» **WORK ITEM**
The entries below must be retyped exactly. Pictures are to be omitted.

── GIVEN INFORMATION

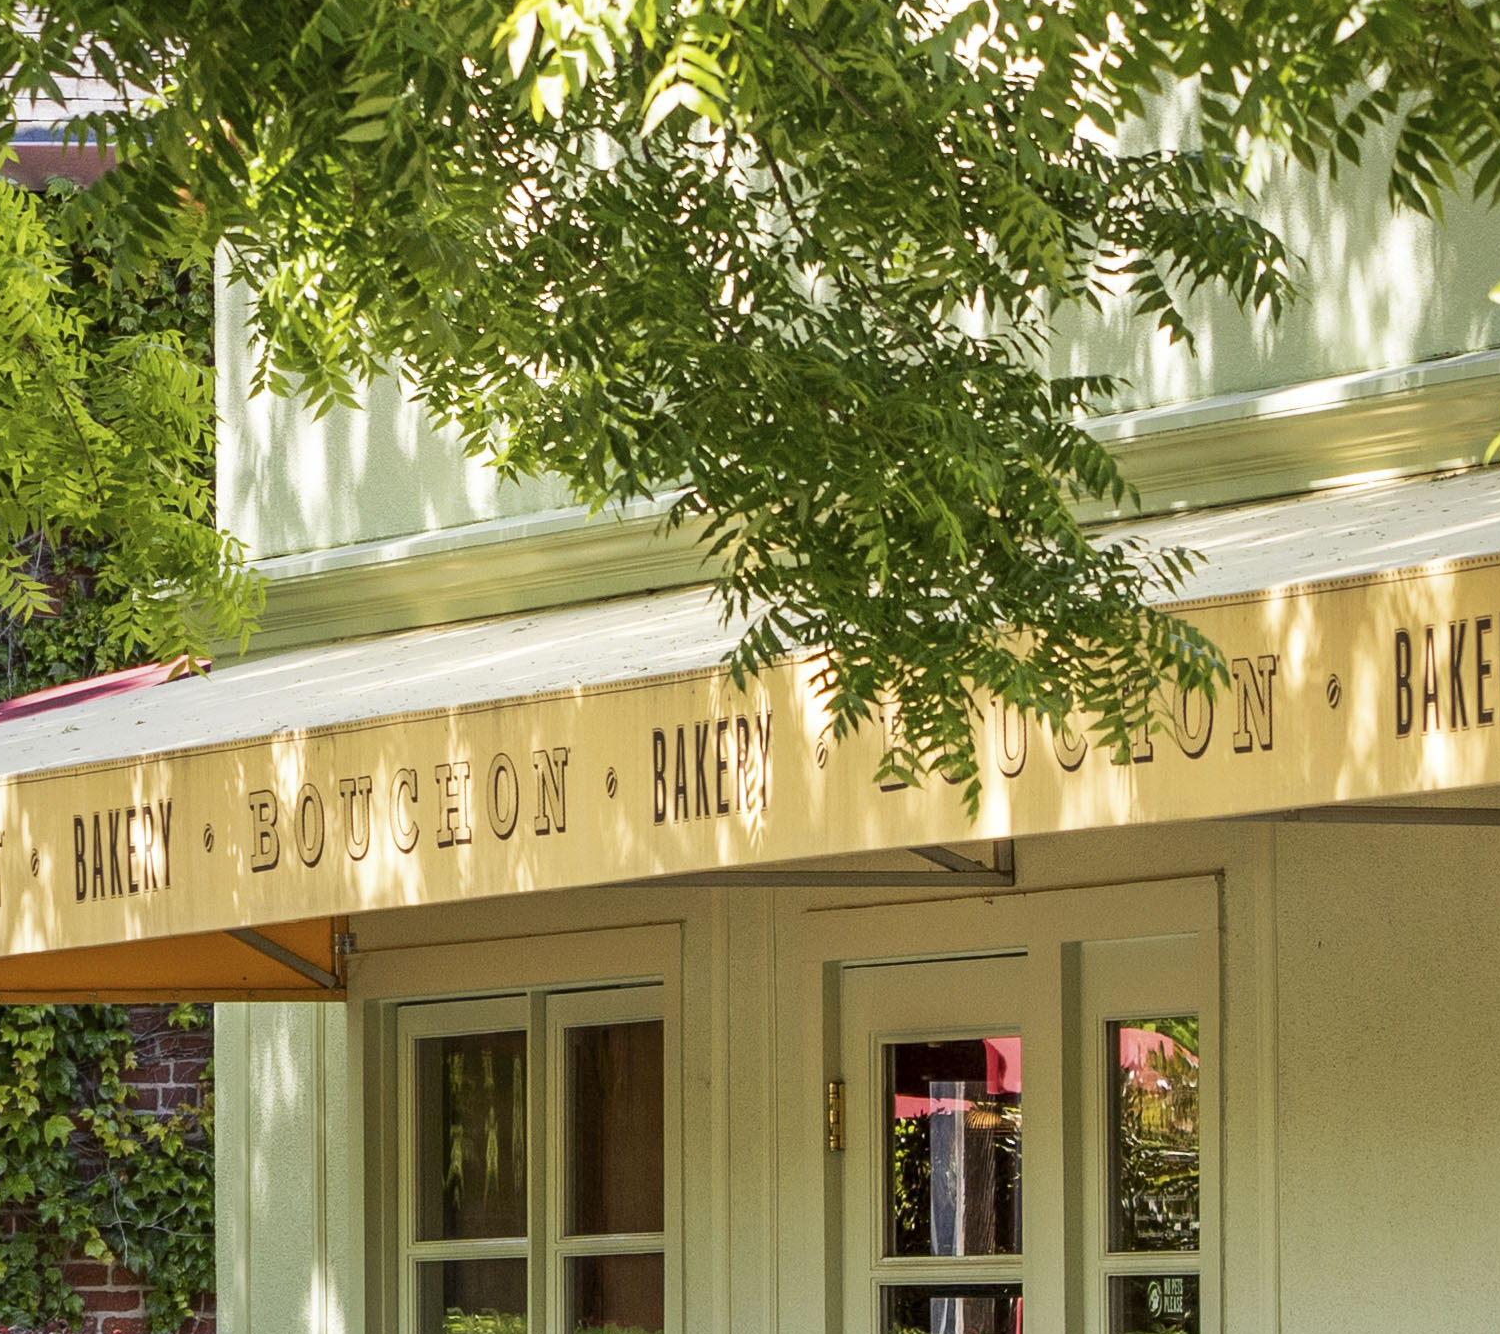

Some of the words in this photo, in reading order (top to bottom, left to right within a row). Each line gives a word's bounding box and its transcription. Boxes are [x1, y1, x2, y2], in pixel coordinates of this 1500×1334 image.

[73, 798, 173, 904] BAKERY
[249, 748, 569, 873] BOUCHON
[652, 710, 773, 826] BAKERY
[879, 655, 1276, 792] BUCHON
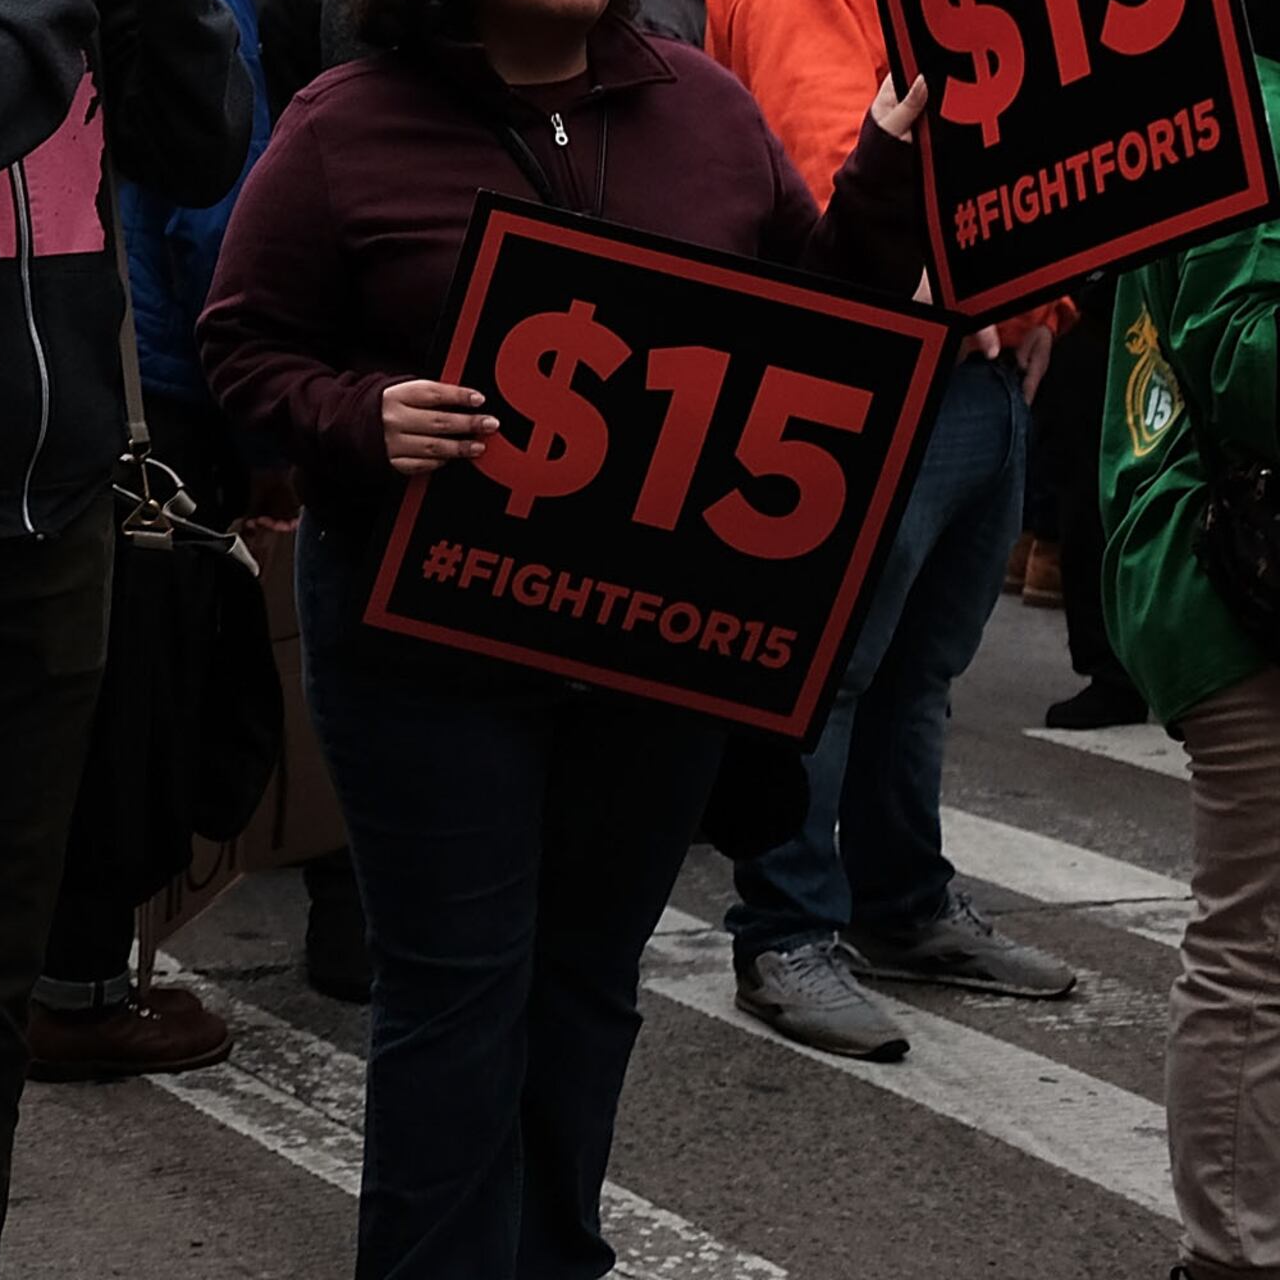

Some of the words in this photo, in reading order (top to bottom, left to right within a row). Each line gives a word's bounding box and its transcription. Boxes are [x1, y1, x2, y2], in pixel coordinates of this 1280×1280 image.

────

» **EXPECTED OUTPUT**
Some of the words in this photo, in reading order (top to bottom, left to right within a row). Each line gives a word's bounding box and its transcription. Boxes are [x1, y1, x2, y2], in pixel coordinates of this 1500×1334 image.

[73, 798, 173, 904] BAKERY
[249, 748, 569, 873] BOUCHON
[652, 710, 773, 826] BAKERY
[879, 655, 1276, 792] BUCHON

Some of the words in this photo, in reading order (top to bottom, left to right within a row). Each line gives a word's bounding box and its transcription. Boxes are [x1, y1, x2, y2], in pixel coordinates of this 1280×1280 image.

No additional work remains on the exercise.